The Commodore 128 is also a much more sophisticated system. The CPU was faster by nearly double the speed. There was double the memory. The included version of BASIC was much more featureful. It output at double the resolution, if you had the right hookups. There was a second CPU that could load CP/M programs. And there was almost no software to take advantage of any of this! Is what people like to say. But actually there were a substantial number of apps that could take advantage of these features. What the Commodore 128 was lacking was games.

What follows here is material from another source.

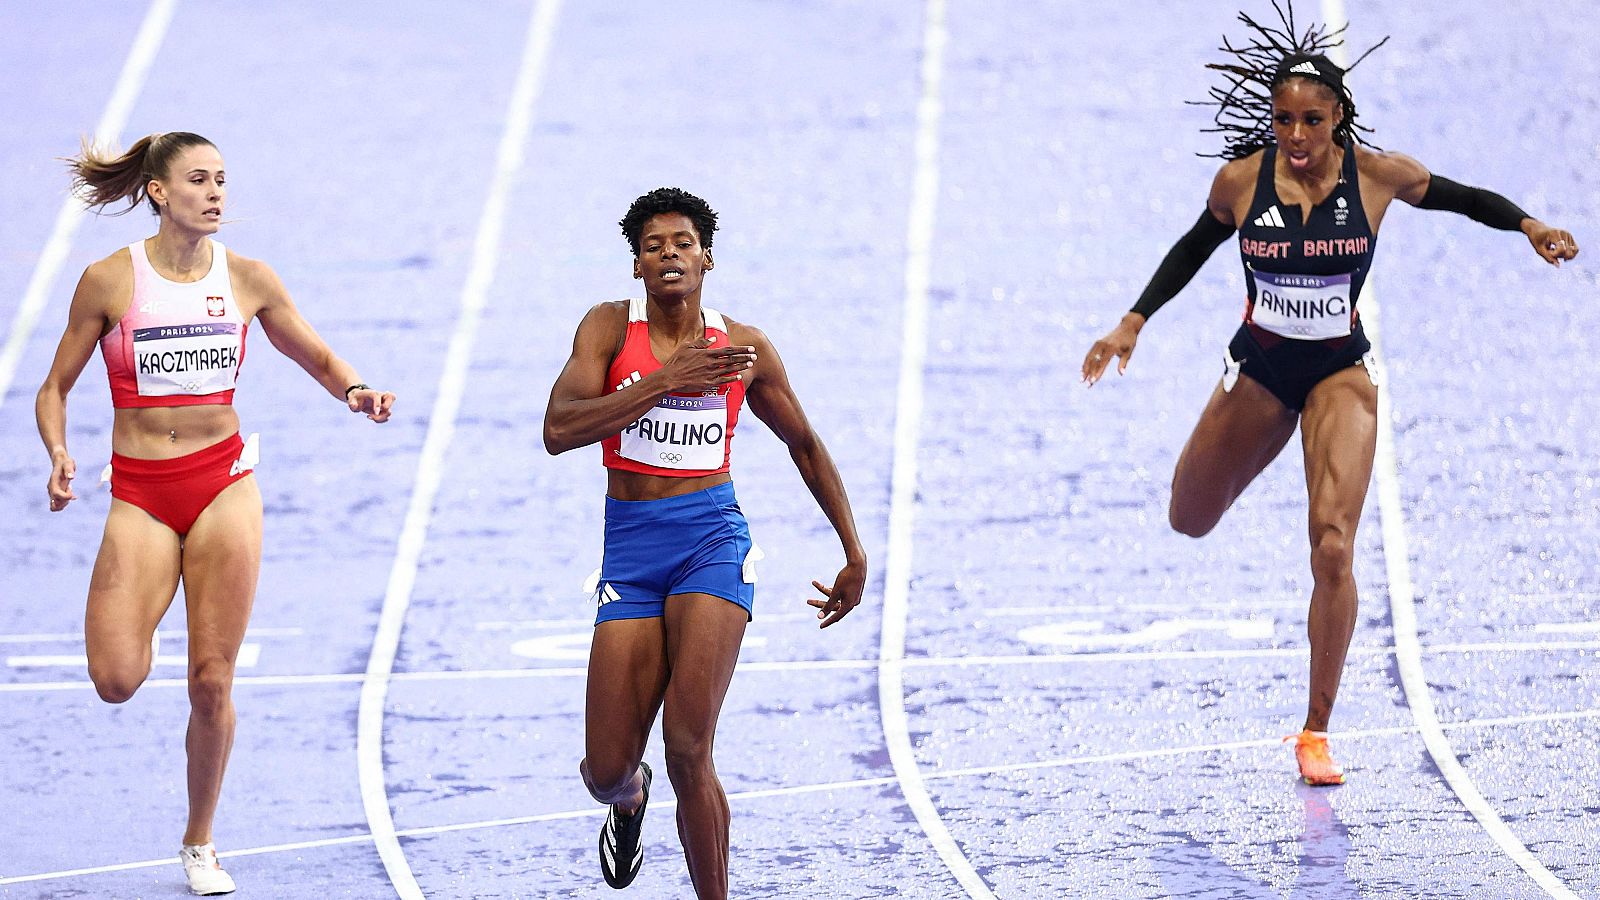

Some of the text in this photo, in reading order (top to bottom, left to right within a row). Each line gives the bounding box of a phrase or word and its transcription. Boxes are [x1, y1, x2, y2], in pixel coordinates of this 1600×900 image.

But inside every Commodore 128 is 99.9% of a Commodore 64. It was nearly 100% compatible with Commodore 64 apps and games. So while it can be thought of as its Achilles’ heel, because software developers just kept producing Commodore 64 games since the Commodore 128 could also play them, in retrospect another perspective is possible. Commodore 128 native for productivity and the very seldom game, and Commodore 128 in Commodore 64 mode for serious gaming. I’ve heard there are games that aren’t compatible with the 64 mode of the Commodore 128, but I’ve never personally loaded one that doesn’t work. I believe I was given one specific title that doesn’t work, and if that game is a must-have, well, I suppose the 128 isn’t for you. But for me it’s the dream machine!
Someday, I hope to use this for actual productivity again. It won’t browse the Internet or display PDF files, but I can use it to type documents and print them, and I can use it to telnet, which could allow me to connect to a modern PC which I can use SSH from, which could make it quite accommodating to do work on. But for now, it’s getting serious use as a gaming machine!